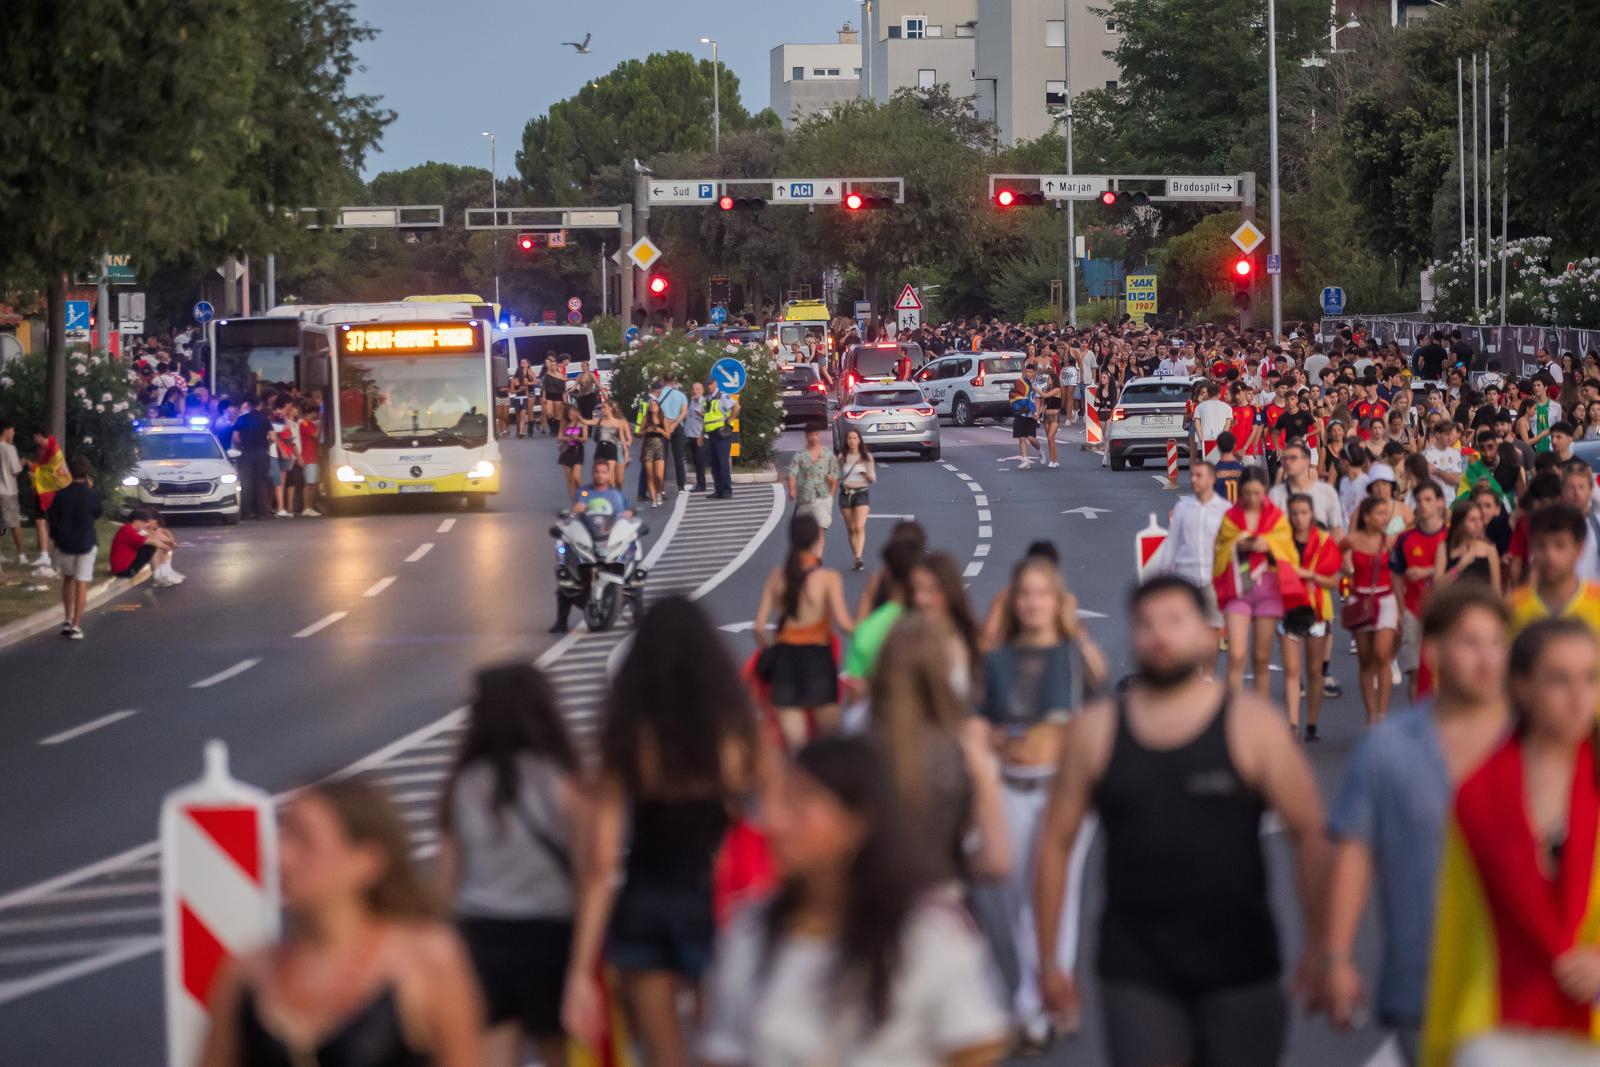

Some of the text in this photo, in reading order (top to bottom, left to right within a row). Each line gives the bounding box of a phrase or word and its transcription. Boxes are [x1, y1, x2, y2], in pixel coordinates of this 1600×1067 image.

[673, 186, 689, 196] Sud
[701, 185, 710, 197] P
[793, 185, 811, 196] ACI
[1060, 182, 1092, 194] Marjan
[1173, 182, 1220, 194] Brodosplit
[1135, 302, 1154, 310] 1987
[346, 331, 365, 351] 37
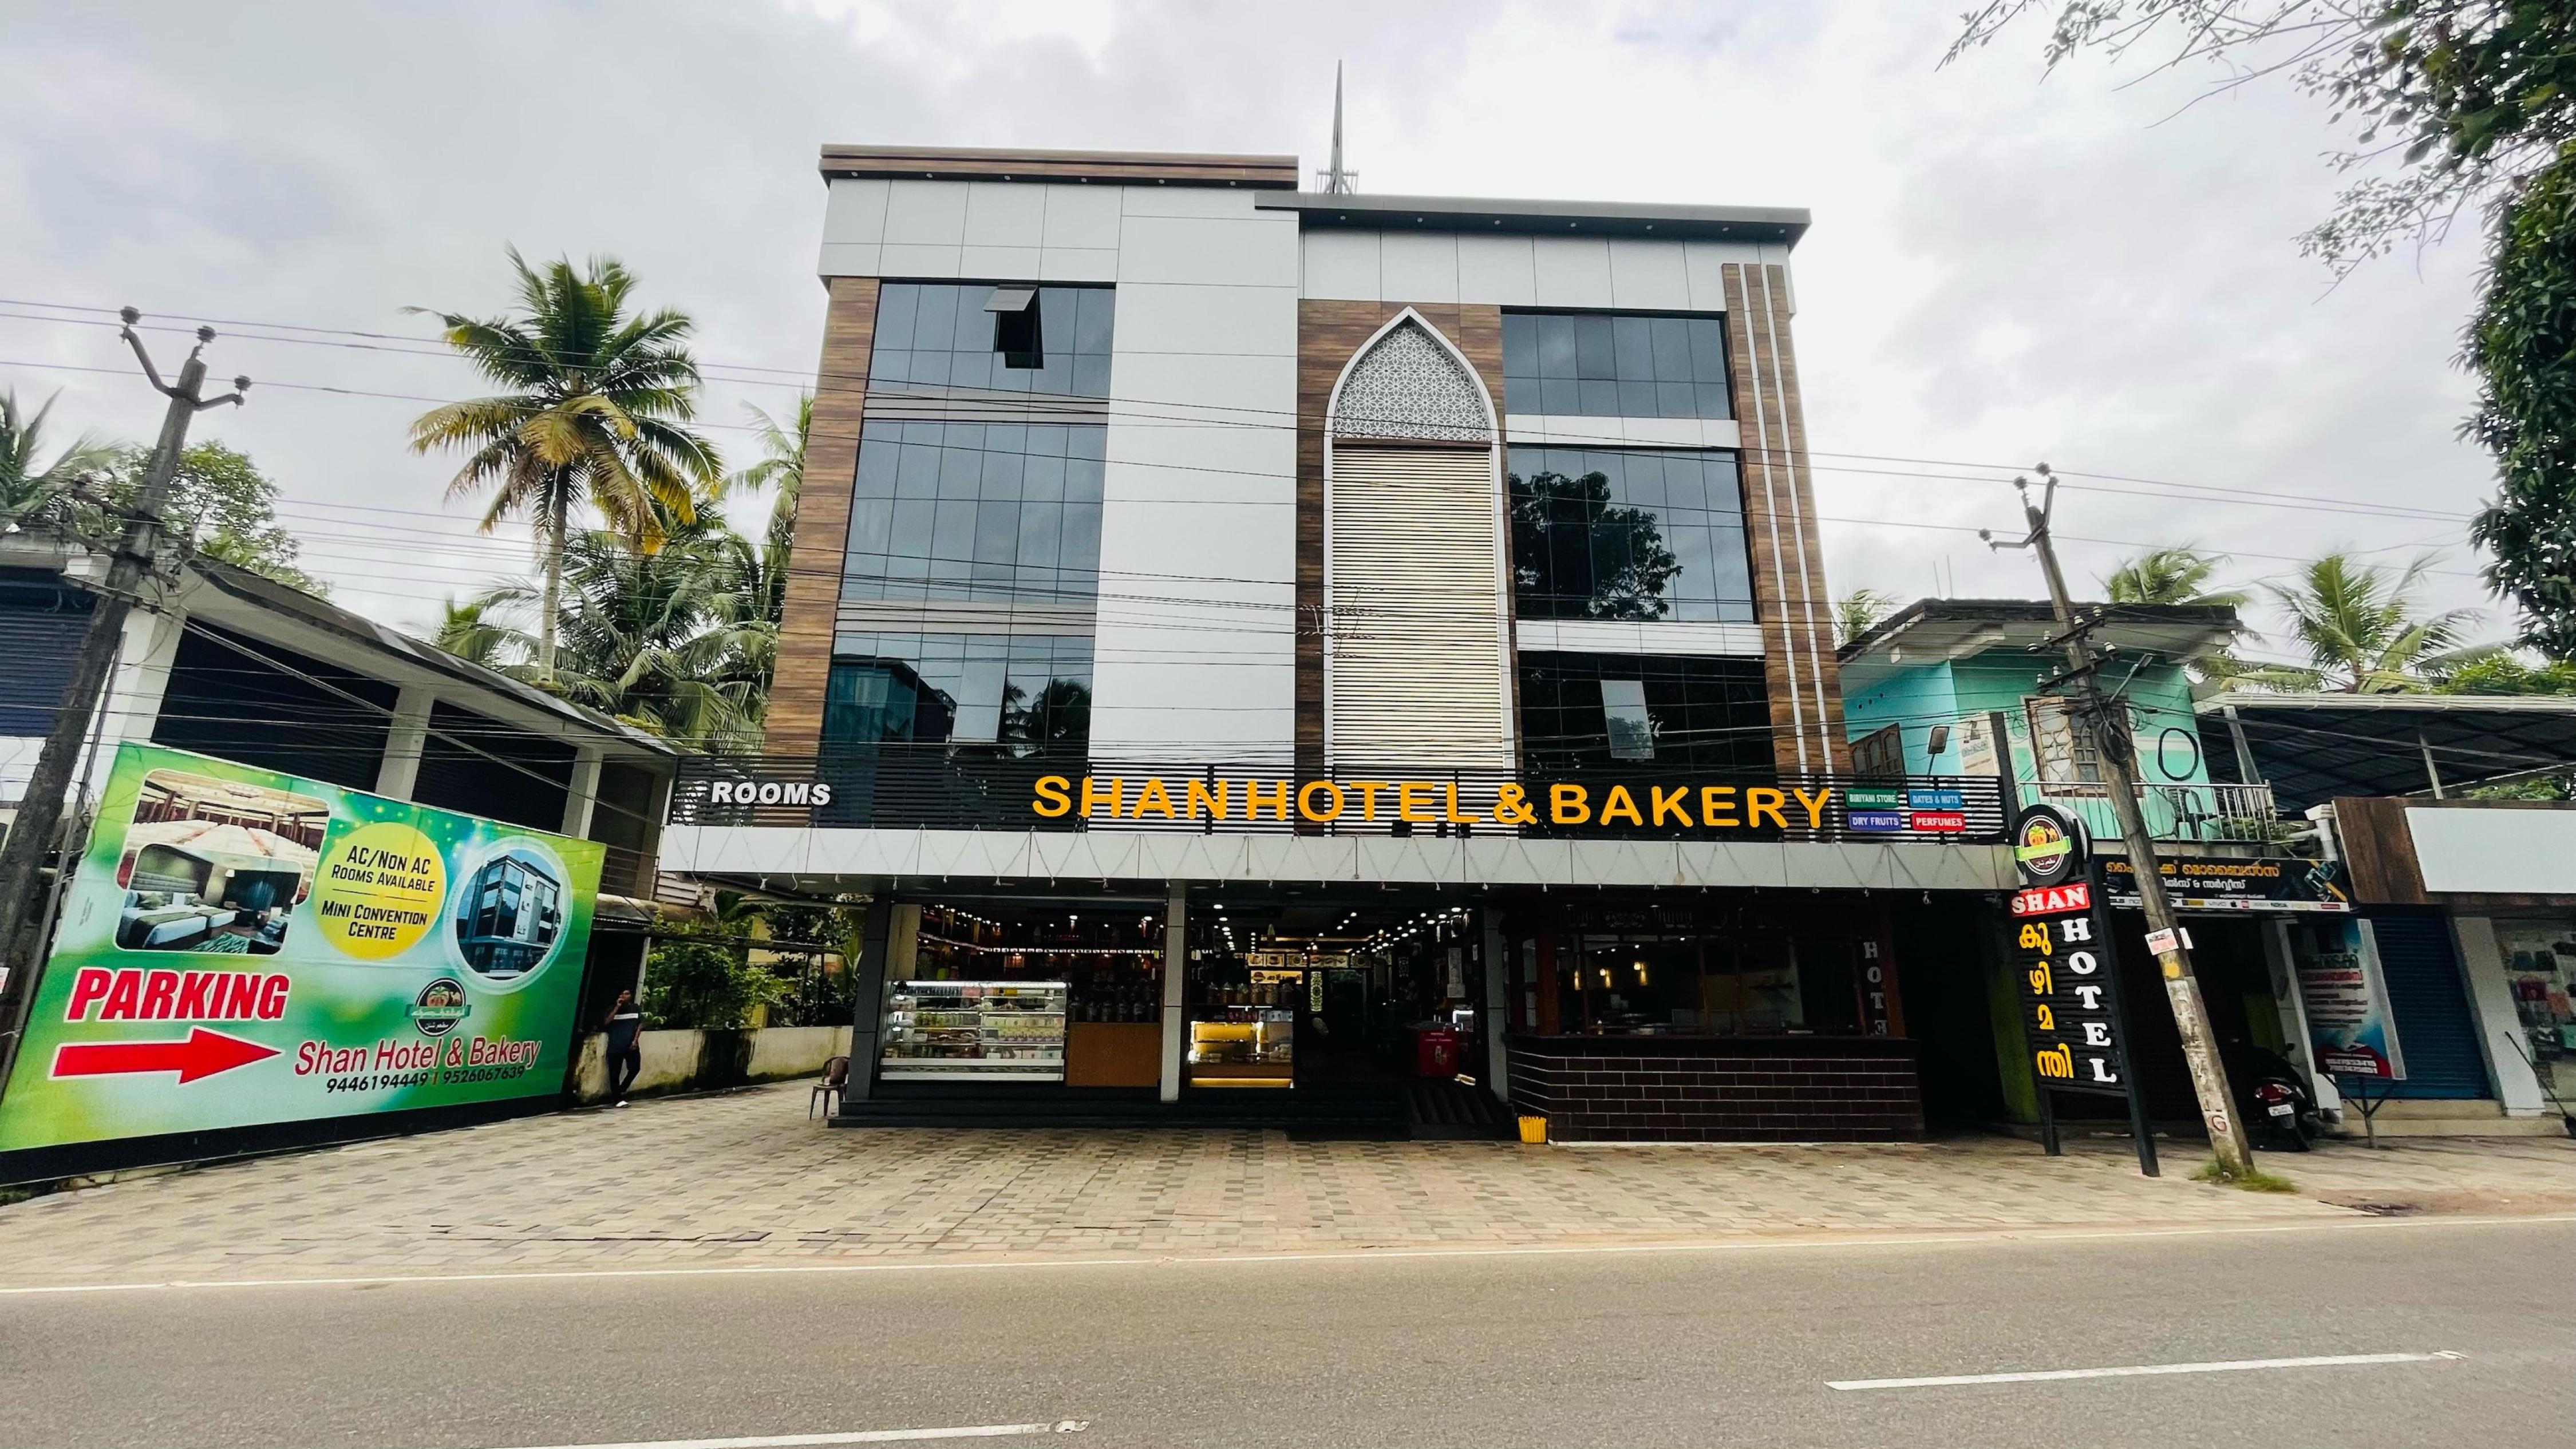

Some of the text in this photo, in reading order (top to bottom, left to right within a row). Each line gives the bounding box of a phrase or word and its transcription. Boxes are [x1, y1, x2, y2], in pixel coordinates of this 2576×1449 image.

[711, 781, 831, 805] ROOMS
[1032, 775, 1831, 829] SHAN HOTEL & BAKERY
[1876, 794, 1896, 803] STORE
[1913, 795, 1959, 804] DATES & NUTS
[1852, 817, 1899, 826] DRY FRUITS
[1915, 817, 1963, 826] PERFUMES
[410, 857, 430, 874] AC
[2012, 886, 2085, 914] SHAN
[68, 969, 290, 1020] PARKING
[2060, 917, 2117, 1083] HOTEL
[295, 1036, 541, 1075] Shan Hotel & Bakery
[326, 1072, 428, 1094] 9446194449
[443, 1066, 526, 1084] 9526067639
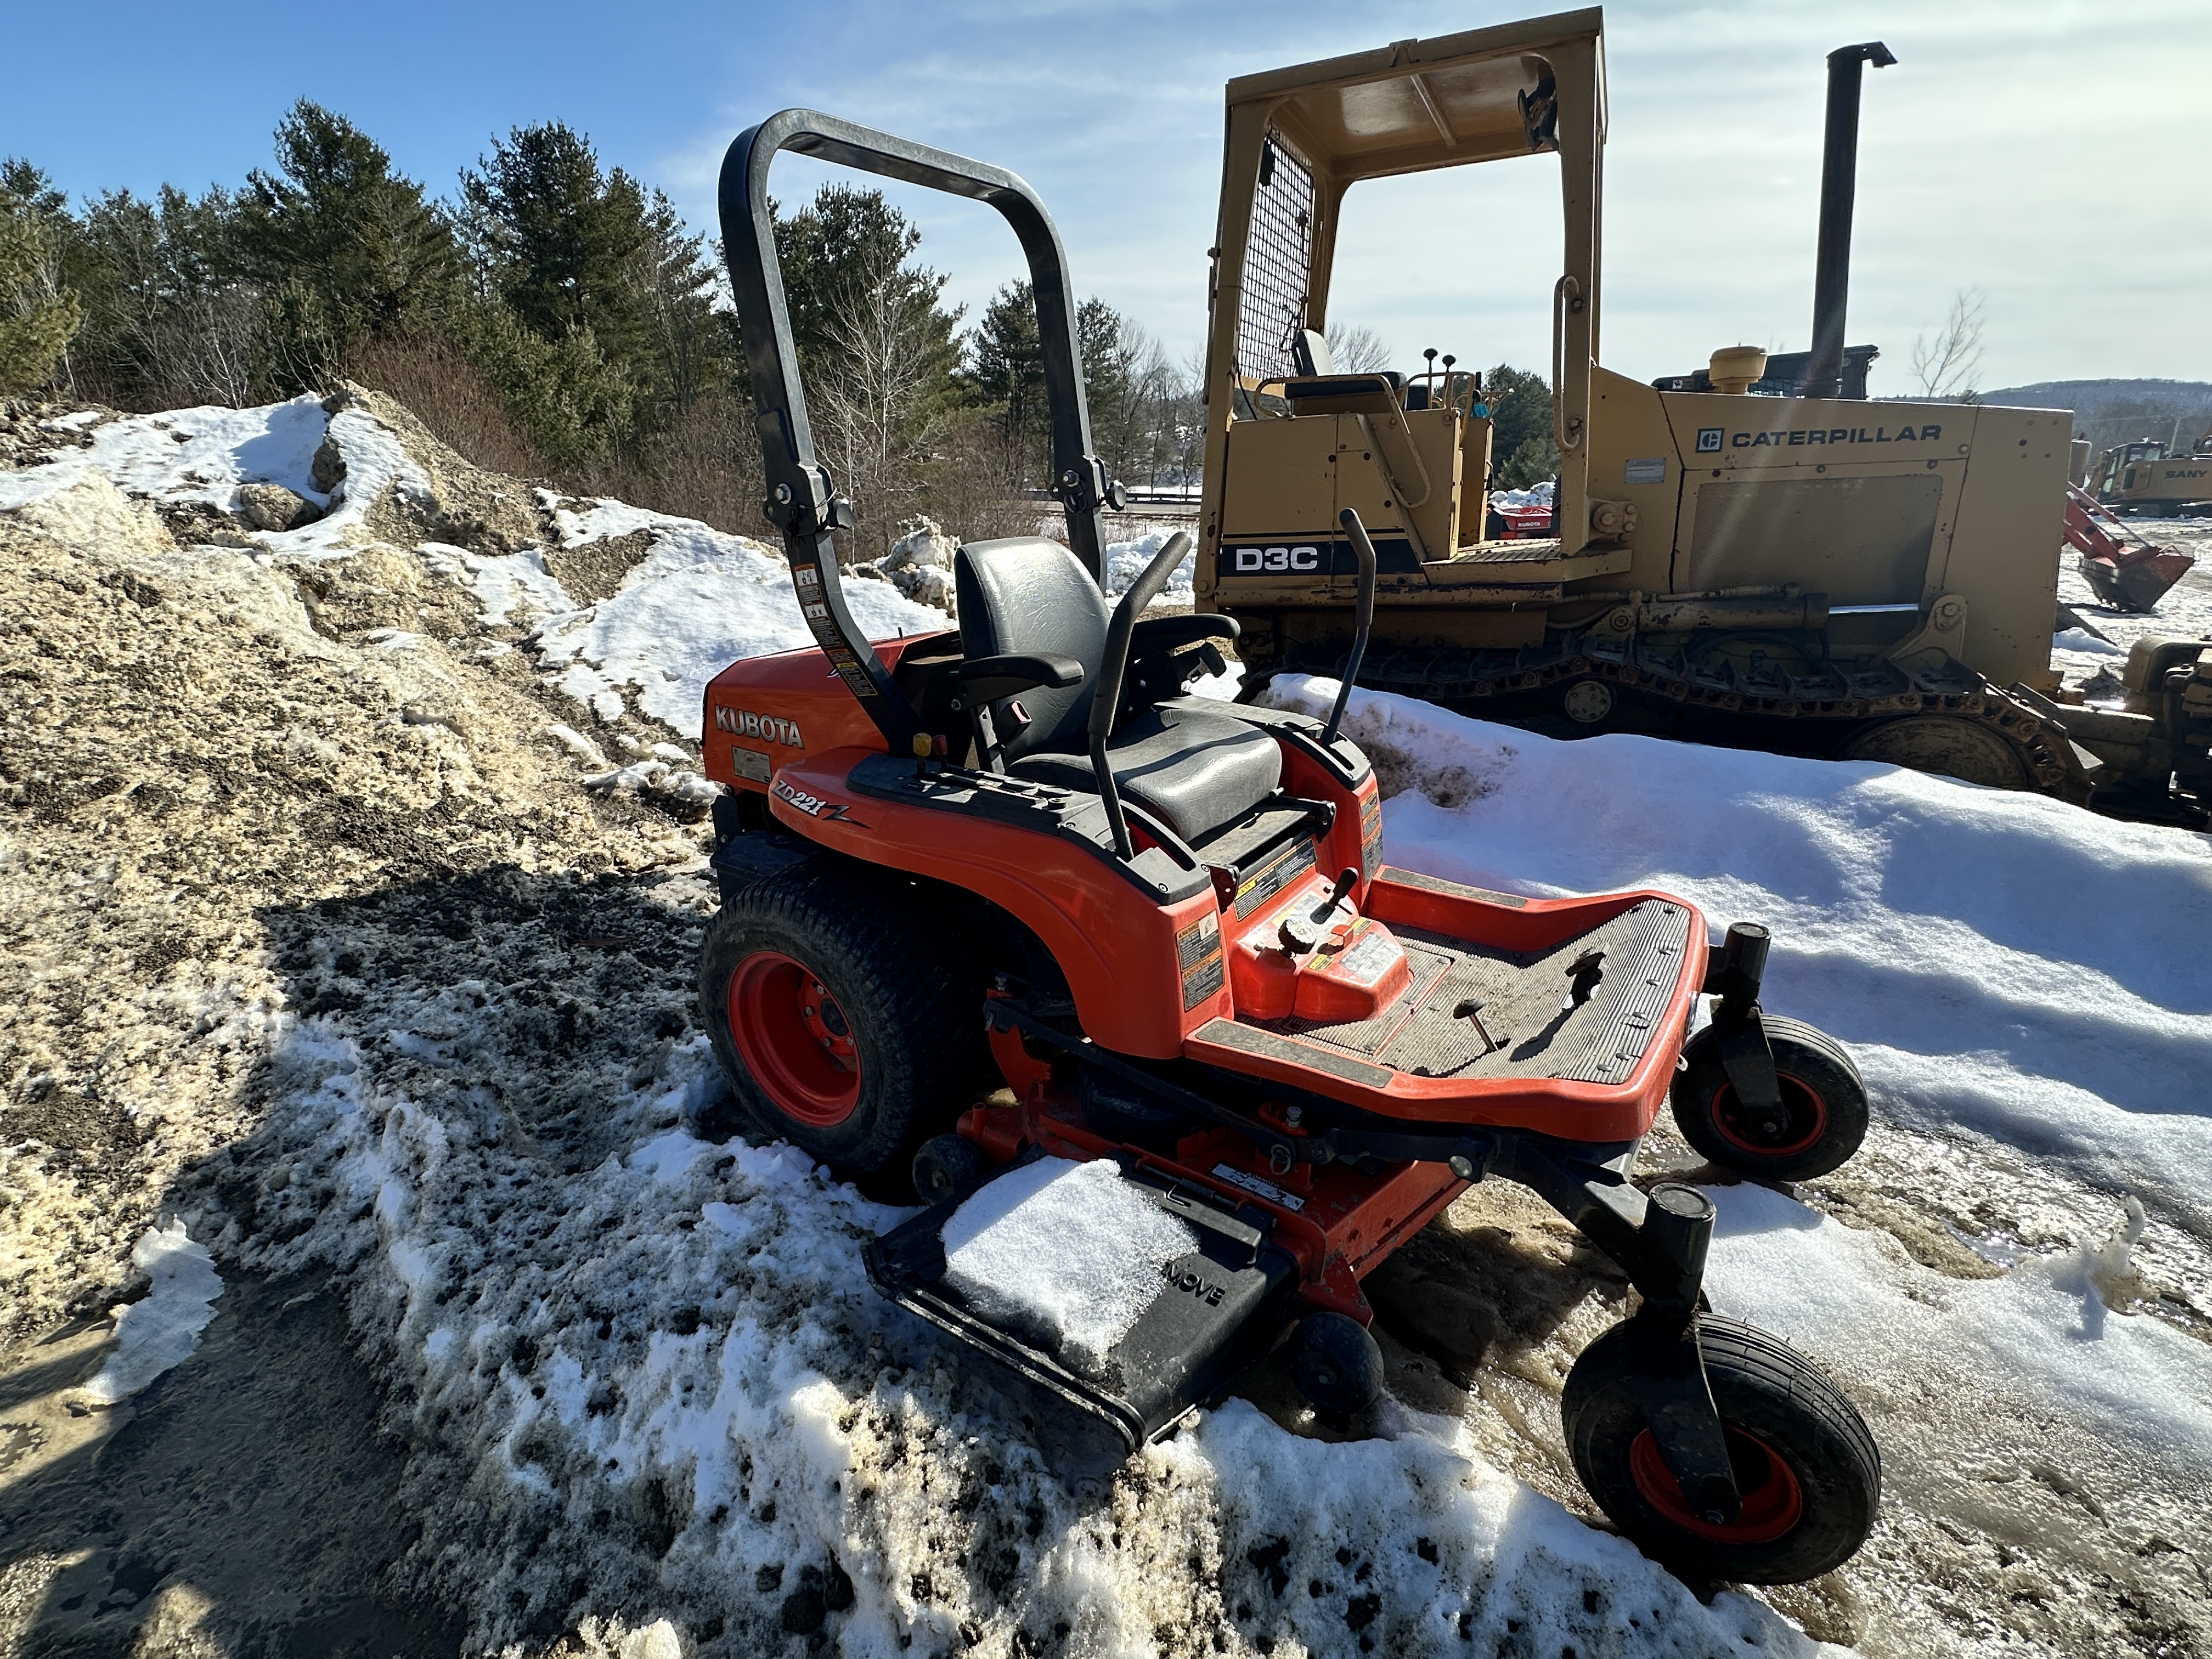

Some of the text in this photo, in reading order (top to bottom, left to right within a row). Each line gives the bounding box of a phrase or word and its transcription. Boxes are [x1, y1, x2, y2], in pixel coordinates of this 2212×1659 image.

———

What needs to be done -
Please, without any pictures, retype the records exactly as they appear.

Written response -
Some of the text in this photo, in reading order (top to bottom, left to right within a row). Each line gives the bounding box of a phrase or word and its transcription. Boxes are [x1, y1, x2, y2], in pixel coordinates of this 1600×1067 image.

[673, 186, 689, 196] Sud
[701, 185, 710, 197] P
[793, 185, 811, 196] ACI
[1060, 182, 1092, 194] Marjan
[1173, 182, 1220, 194] Brodosplit
[1135, 302, 1154, 310] 1987
[346, 331, 365, 351] 37

Some of the text in this photo, in reading order (top to bottom, left to right within a row). Each line gives the bounding box of a phrase or word and its transcription. Boxes are [x1, y1, x2, y2], in pixel coordinates of this 2576×1449 image.

[711, 781, 831, 805] ROOMS
[1032, 775, 1831, 829] SHAN HOTEL & BAKERY
[1876, 794, 1896, 803] STORE
[1913, 795, 1959, 804] DATES & NUTS
[1852, 817, 1899, 826] DRY FRUITS
[1915, 817, 1963, 826] PERFUMES
[410, 857, 430, 874] AC
[2012, 886, 2085, 914] SHAN
[68, 969, 290, 1020] PARKING
[2060, 917, 2117, 1083] HOTEL
[295, 1036, 541, 1075] Shan Hotel & Bakery
[326, 1072, 428, 1094] 9446194449
[443, 1066, 526, 1084] 9526067639

Some of the text in this photo, in reading order (top to bottom, left to right within a row). Each line gives the bounding box of a phrase or word and its transcription. Boxes are [x1, y1, x2, y2], in pixel coordinates of this 2212×1659 image.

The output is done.